Diyarbakır 8. Ağır Ceza Mahkemesi'nde görülen 8 yaşındaki Narin Güran’ın öldürülmesiyle ilgili davada, Diyarbakır Barosu eski başkanı Nahit Eren, mahkeme başkanına önemli değerlendirmeler yaptı. Eren, davanın seyrine ilişkin kritik tespitlerde bulunarak, cinayetin faillerinin ve bu suçun ortaya çıkmasına engel olanların cezalandırılmasını talep etti.
Eren, mahkemede yaptığı konuşmasında, "Dosyada önemli bir aşamaya geldik. Narin'e bunu yapanların, buna göz yumanların ya da bulunmasını geciktirenlerin adalet önünde cezalandırılması gerektiği üzerine çalışacağız" ifadelerini kullandı. Ayrıca, Diyarbakır Barosu’nun davaya müdahil olmasını olumlu bir gelişme olarak değerlendirerek, bu sürecin takipçisi olacaklarını belirtti.
Eren, cinayetin faillerine dair önemli bir uyarıda bulunarak, "Şu an öldürmekten dört sanık var. Ancak öldürmeye iştirak eden yeni faillerin çıkacağı kanaatindeyim" dedi. Narin’in kaybolduğu ve öldürüldüğü saatin belirlenmesiyle ilgili de dikkat çeken açıklamalarda bulunan Eren, "Biz Narin’in öldürüldüğü saati 18.00’den sonra biliyoruz. Çünkü bir kurgu düzeni var" diyerek, davanın karmaşık yönlerine değindi.
Olayla ilgili çok sayıda şüpheli ve yanlış bilgi olduğunu, ancak çeşitli delillerle bu eksikliklerin tamamlanmaya çalışıldığını belirten Eren, Narin’in kaybolduğu saati belirleyen kamera görüntülerine ve baz istasyonu verilerine dikkat çekti. "Baz istasyonu verisi, sağlıklı bilimsel anlamda kesik bir delil olarak kabul edilebilir" diyen Eren, bu tür teknik verilerin olayın çözülmesinde kritik rol oynadığını vurguladı.

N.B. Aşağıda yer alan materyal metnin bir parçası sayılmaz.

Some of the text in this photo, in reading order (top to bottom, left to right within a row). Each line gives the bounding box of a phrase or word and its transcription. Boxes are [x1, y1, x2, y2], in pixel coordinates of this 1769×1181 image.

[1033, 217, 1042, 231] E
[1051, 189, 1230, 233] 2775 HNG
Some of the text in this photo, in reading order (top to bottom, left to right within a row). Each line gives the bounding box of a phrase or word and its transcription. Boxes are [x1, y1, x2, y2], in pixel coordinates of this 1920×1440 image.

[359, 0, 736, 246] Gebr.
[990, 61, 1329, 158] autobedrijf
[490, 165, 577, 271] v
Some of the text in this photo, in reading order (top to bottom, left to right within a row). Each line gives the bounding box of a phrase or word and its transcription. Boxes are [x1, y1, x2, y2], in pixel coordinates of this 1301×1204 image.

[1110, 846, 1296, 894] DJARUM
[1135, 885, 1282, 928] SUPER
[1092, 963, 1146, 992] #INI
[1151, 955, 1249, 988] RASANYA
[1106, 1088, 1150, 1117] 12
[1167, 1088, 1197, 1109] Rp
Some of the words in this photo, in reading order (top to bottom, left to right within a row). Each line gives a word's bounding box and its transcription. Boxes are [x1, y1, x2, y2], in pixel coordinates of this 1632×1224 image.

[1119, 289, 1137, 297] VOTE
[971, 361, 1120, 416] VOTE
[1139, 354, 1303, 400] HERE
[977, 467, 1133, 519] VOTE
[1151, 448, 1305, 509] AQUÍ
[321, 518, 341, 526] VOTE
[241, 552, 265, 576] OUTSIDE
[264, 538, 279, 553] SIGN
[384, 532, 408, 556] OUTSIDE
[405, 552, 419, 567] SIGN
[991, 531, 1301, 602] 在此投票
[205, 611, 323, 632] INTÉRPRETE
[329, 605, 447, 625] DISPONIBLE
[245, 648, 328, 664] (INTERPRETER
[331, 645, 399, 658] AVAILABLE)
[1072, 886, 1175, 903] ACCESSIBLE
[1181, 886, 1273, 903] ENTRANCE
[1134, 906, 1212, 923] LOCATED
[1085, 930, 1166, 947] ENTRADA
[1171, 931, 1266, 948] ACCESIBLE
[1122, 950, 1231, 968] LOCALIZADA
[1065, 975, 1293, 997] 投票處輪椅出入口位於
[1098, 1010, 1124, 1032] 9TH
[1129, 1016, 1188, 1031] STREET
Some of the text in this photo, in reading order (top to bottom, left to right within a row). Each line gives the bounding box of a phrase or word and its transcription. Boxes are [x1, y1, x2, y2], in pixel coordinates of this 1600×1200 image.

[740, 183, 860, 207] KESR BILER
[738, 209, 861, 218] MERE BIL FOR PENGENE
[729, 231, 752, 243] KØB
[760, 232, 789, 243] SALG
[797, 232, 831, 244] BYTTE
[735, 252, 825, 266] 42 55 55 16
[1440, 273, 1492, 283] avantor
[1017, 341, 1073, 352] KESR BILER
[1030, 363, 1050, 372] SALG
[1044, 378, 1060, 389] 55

Enes Güran’ın, Narin’in kaybolduğu gece evde olup olmadığına dair tartışmaların da dosyadaki önemli bir eksen oluşturduğuna değinen Eren, "Enes’in telefonunun 16.13’te kapandığı, sabah 04.00’te yeniden açıldığı bilgisi önemli bir bulgu" dedi.
Diyarbakır Barosu eski başkanı Nahit Eren, davada yaşanan gelişmeleri yakından takip ettiklerini ve suçluların en kısa sürede adalet önüne çıkarılmasını savundu. Sanıkların tutukluluk halinin devamını isteyen Eren, Narin’in ölümüne dair sorumluluğu bulunan tüm kişilerin cezalandırılmasını talep etti.